As a part of their #StopRansomware campaign, the Cybersecurity Advisory (CSA) regularly publishes advisories for network defenders that “detail various ransomware variants and ransomware threat actors”. The stopransomware.gov website was created as a whole-of-government approach for a singular central location for ransomware resources and alerts at no-cost. The reports are compiled with data from the Cybersecurity and Infrastructure Security Agency (CISA), the Department of Homeland Security (DHS), and the Federal Bureau of Investigation (FBI).
CSA has regularly posted resources particularly for the Healthcare and Public Health (HPH) sector as it is the most targeted sector for cybercriminals. According to FBI data, the HPH sector accounts for 25% of ransomware complaints, the most out of any industry. Confidential patient information is highly sought after by cybercriminals, making the HPH sector extremely vulnerable to a multitude of attacks. Recently unearthed by investigators, a group of cybercriminals called the ‘Daixin Team’ have been discovered to be targeting the Healthcare and Public Health (HPH) sector with ransomware and data extortion methods. The group has been active since at least June 2022.
How do bad actors from the Daixin Team gain access into healthcare organizations?
Investigators discovered that bad actors from the Daixin Team have initially gained access to victims through virtual private network (VPN) servers, likely exploiting unpatched vulnerabilities. In another confirmed compromise, the actors used compromised credentials to access a VPN server that did not utilize multifactor authentication (MFA). Investigators believe the actors gained access to these compromised credentials via a phishing email with a malicious attachment.

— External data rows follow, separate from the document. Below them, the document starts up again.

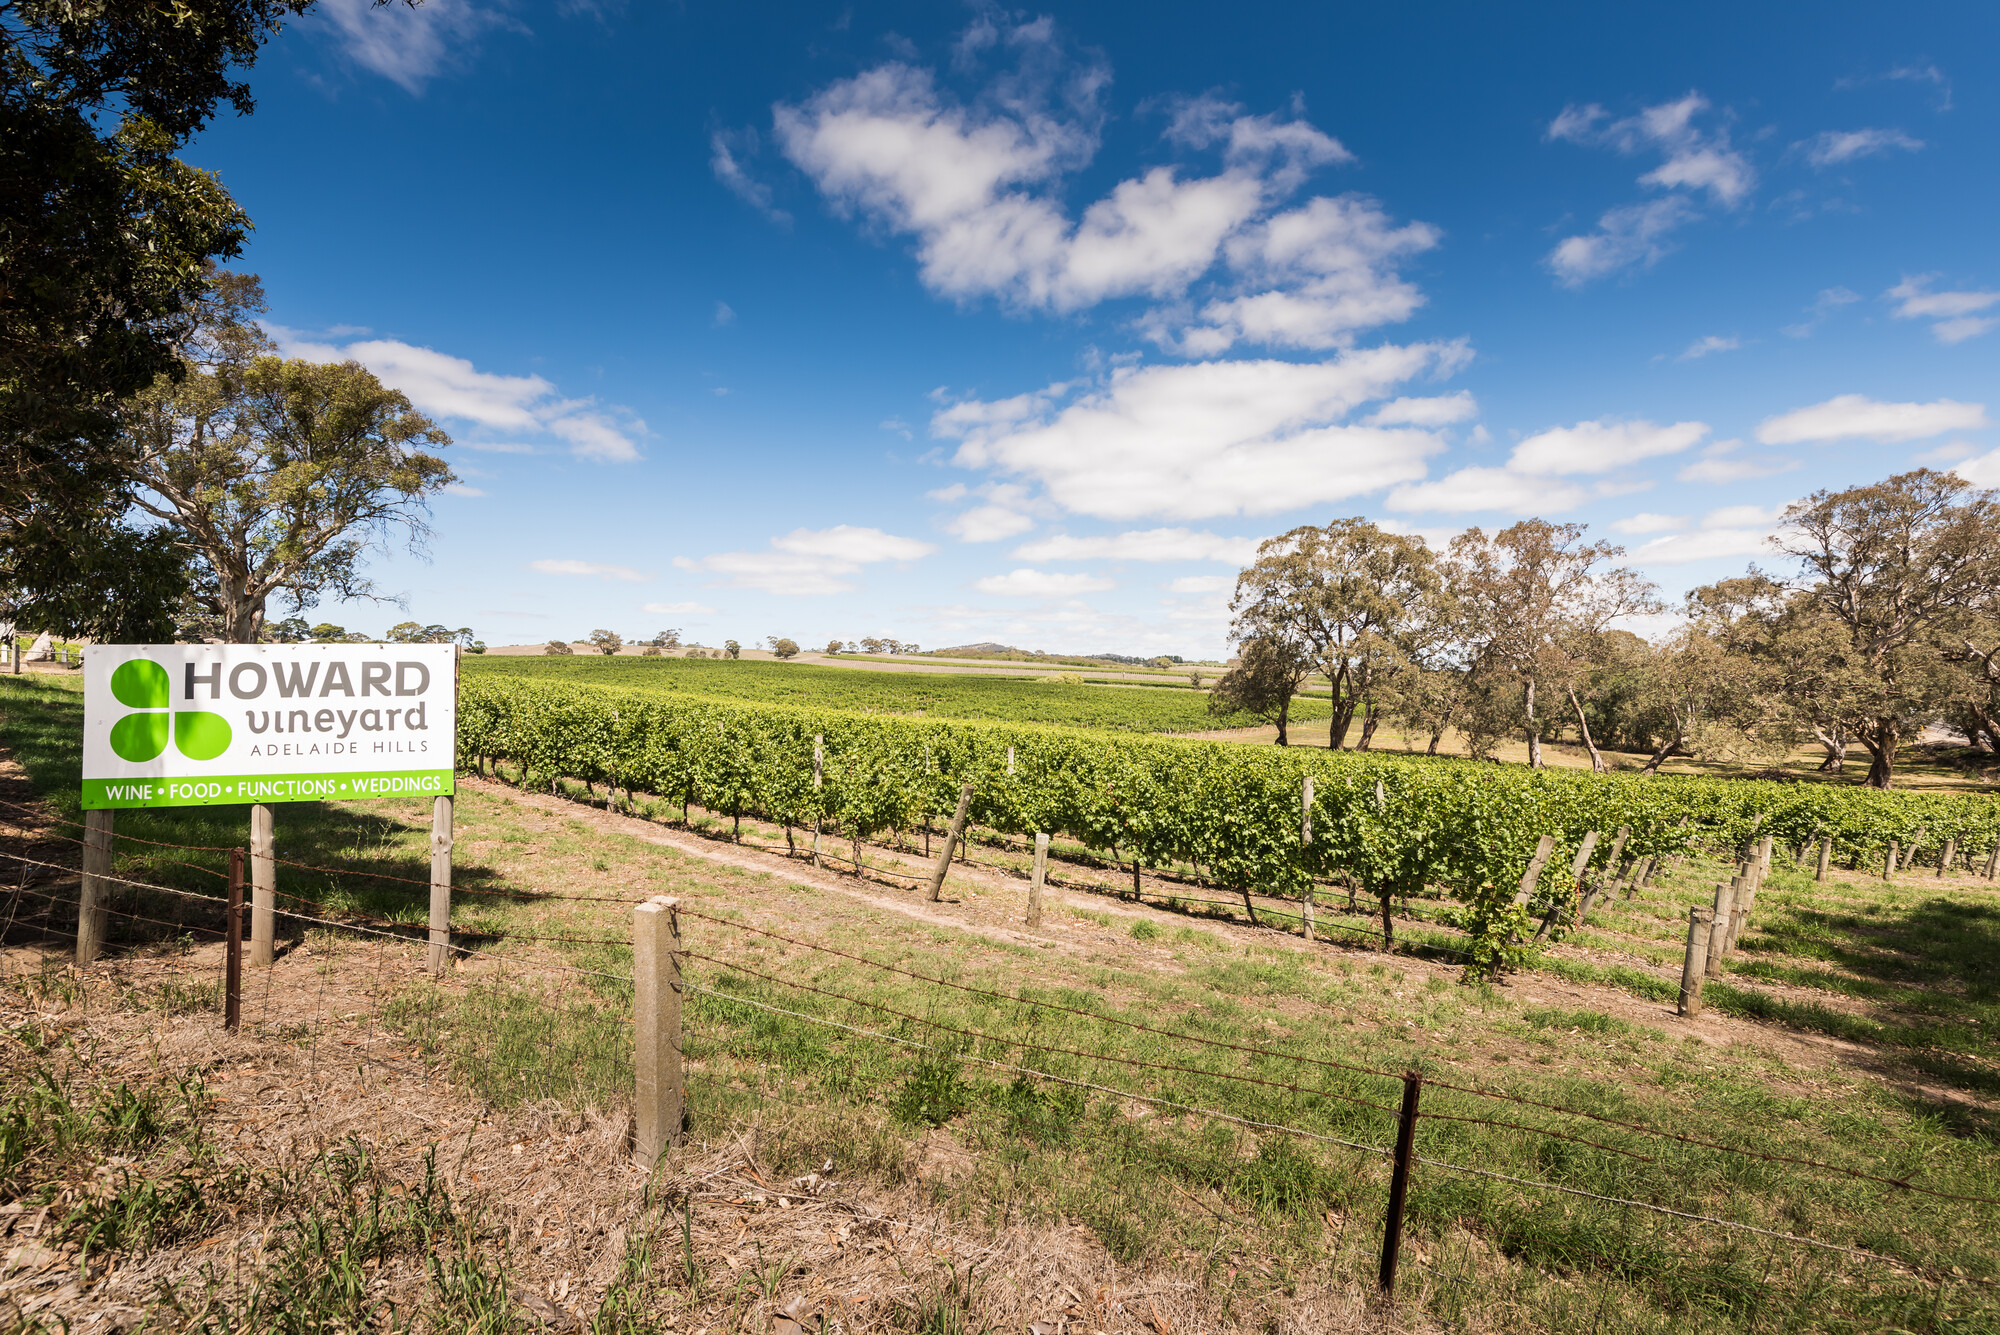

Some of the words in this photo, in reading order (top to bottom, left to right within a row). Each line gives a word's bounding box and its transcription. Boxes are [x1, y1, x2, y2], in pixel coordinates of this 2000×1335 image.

[185, 661, 430, 700] HOWARD
[246, 701, 428, 739] vineyard
[250, 742, 358, 757] ADELAIDE
[373, 740, 428, 753] HILLS
[105, 784, 153, 801] WINE
[170, 782, 221, 798] FOOD
[238, 779, 336, 797] FUNCTIONS
[351, 776, 441, 793] WEDDINGS

After gaining access to the victim’s VPN servers, Daixin actors utilize Secure Shell (SSH) and Remote Desktop Protocol (RDP) to move laterally through systems. Daixin actors have gained privileged account access through a process called credential dumping, where the actors steal sign-in information from victim’s random-access memory (RAM) stored on their devices. Actors also utilize a process called ‘pass the hash’, a hacking technique that allows actors to authenticate to a remote server by using the NTLM or LanMan hash of a user’s password, versus the plaintext password. Once actors access privileged accounts, they reset account passwords, and then deploy ransomware throughout the servers.
In addition to deploying ransomware, Daixin actors have exfiltrated data from victim data infrastructure. Investigators discovered that the actors used open-source file manager Rclone to extract data from a victim’s VPN server. Another compromise showed actors using reverse proxy tool Ngrok for data exfiltration.

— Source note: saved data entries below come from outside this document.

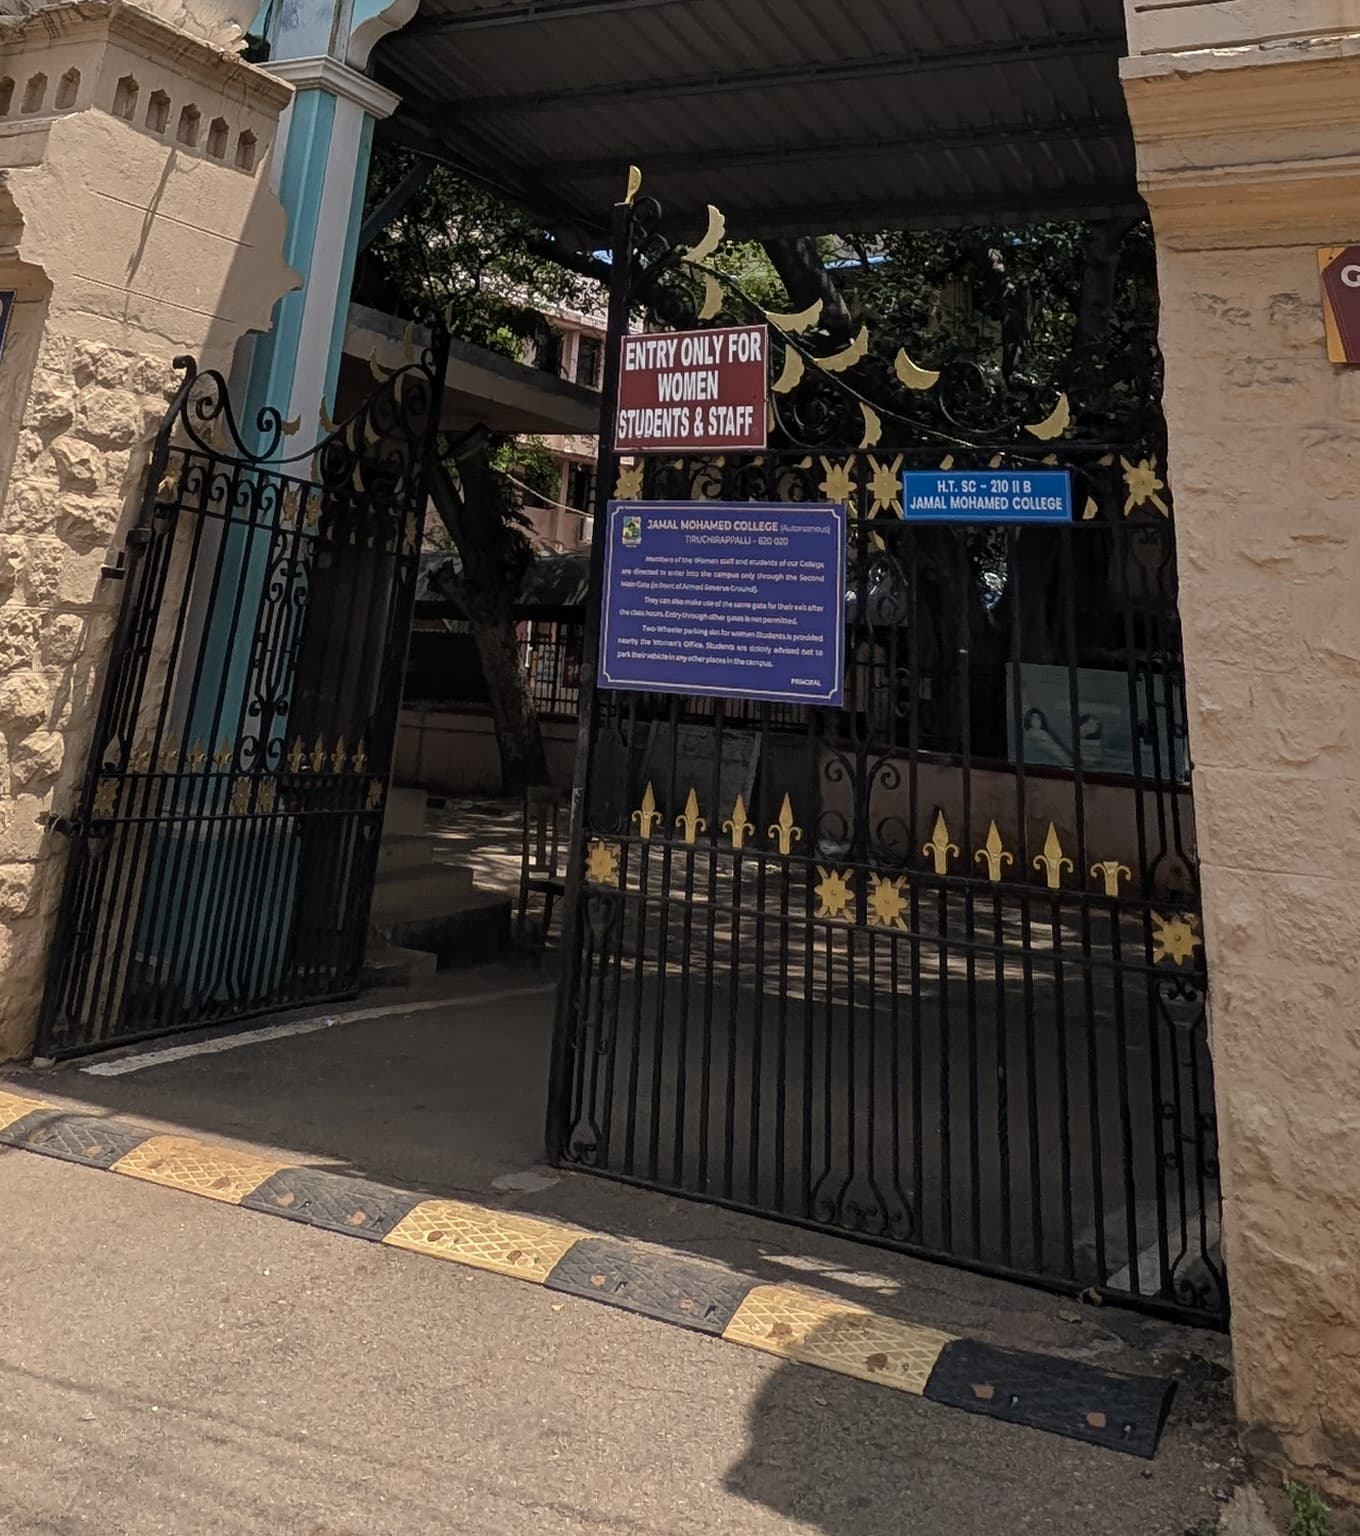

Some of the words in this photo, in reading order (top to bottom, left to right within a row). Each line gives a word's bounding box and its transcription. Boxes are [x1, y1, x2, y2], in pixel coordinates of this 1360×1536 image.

[625, 339, 678, 371] ENTRY
[681, 335, 724, 366] ONLY
[728, 332, 761, 363] FOR
[658, 370, 719, 402] WOMEN
[618, 407, 690, 439] STUDENTS
[694, 406, 704, 437] &
[708, 406, 753, 436] STAFF
[937, 480, 958, 493] H.T.
[961, 480, 976, 493] SC
[990, 479, 1008, 493] 210
[1023, 480, 1032, 493] B
[910, 496, 946, 510] JAMAL
[950, 496, 1008, 510] MOHAMED
[1012, 497, 1063, 510] COLLEGE
[647, 519, 678, 530] JAMAL
[681, 520, 731, 532] MOHAMED
[733, 521, 778, 532] COLLEGE
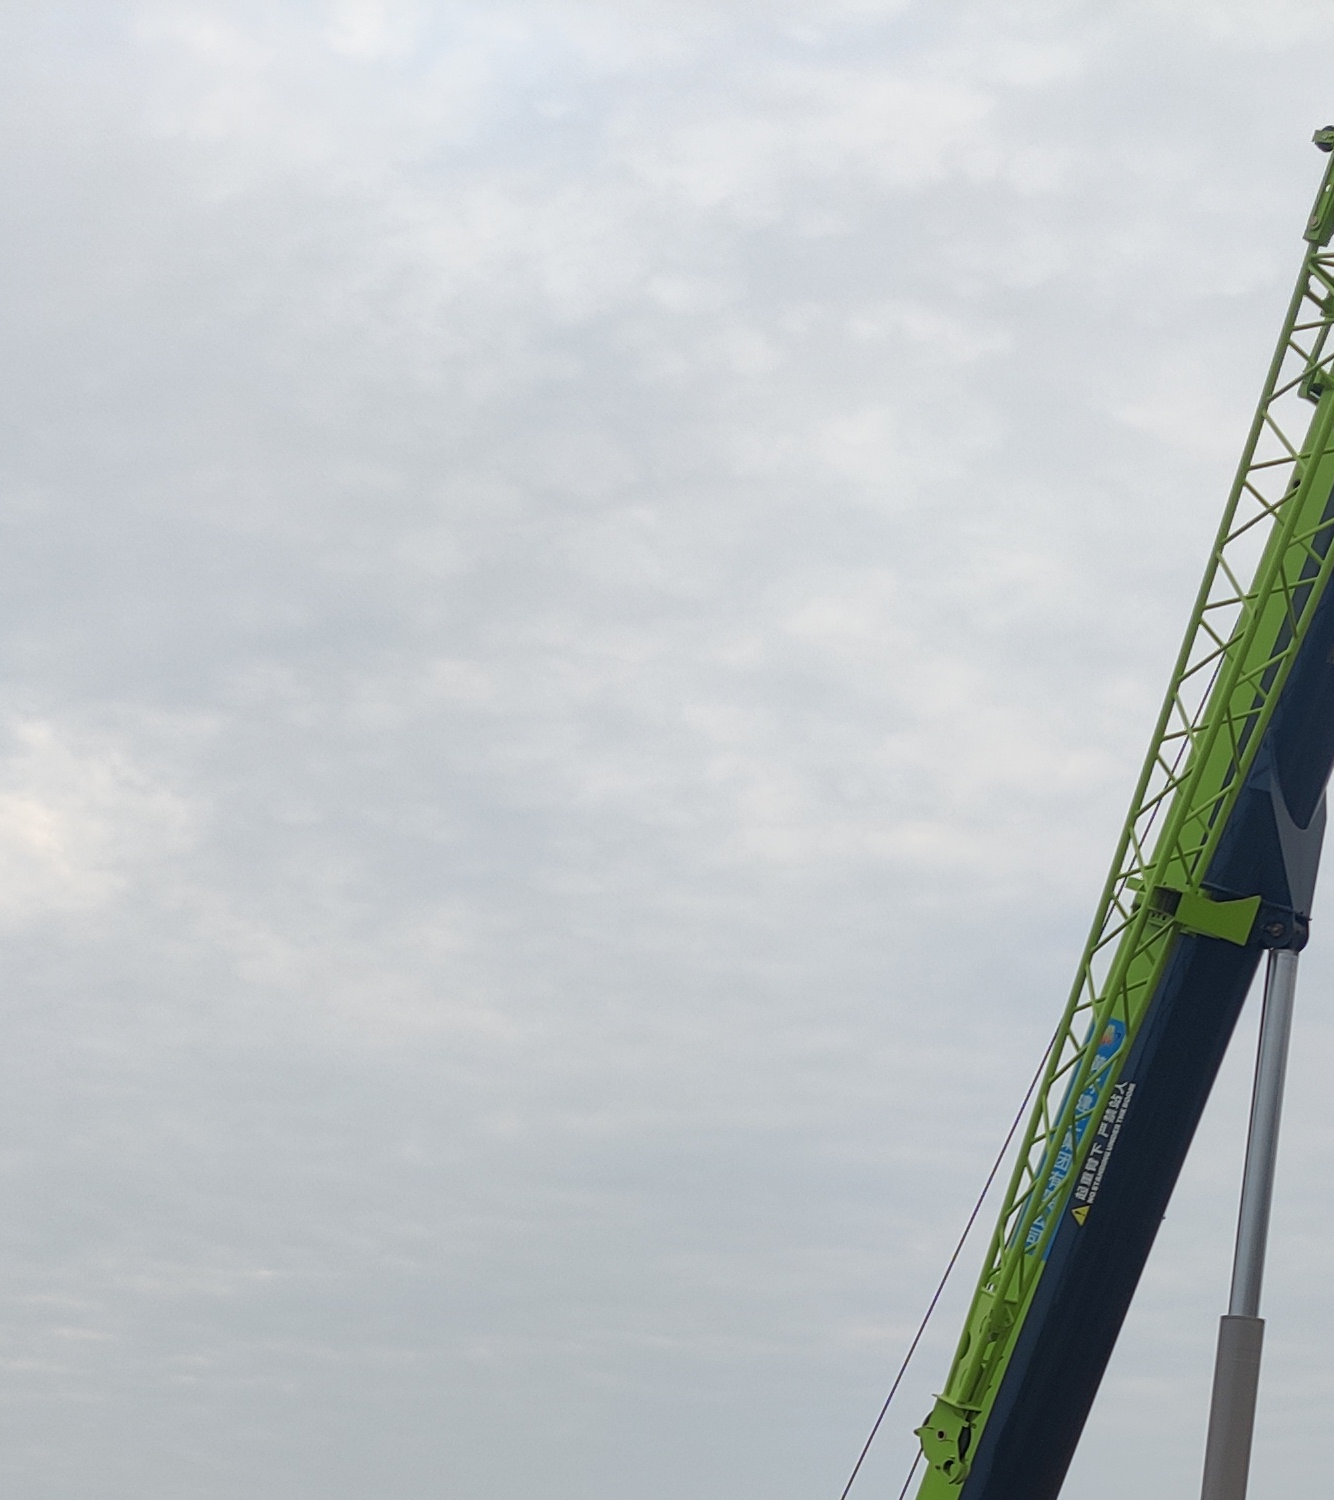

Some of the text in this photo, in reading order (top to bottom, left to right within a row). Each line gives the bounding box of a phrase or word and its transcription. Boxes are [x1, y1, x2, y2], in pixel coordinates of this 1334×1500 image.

[1075, 1081, 1128, 1200] 起重臂下 严禁站人

An example of a ransomware note from the Daixin Team. CISA has advised NOT to pay ransoms as it’s not guaranteed data won’t be leaked regardless of payment.
Another example of a ransomware note from the Daixin Team.
In summary, the Daixin team deploys ransomware to encrypt servers responsible for healthcare services, including electronic health record, diagnostics, imaging, and intranet software. In other cases, the team has extracted patient health information (PHI) and threatened to leak the data if a ransom is not paid. The actors are still active in their criminal efforts.
How to protect your healthcare organization from cybercriminals?
The CSA, along with the DHS, FBI, and CISA have recommended employing a multitude of mitigations within your HPH infrastructure, including, but not limited to:
• Update your operating systems, software, and firmware as soon as updates become available. Prioritize patching VPN servers, remote access software, virtual machine software, and known exploited vulnerabilities. Consider utilizing a centralized patch management system to automate and expedite the patching process.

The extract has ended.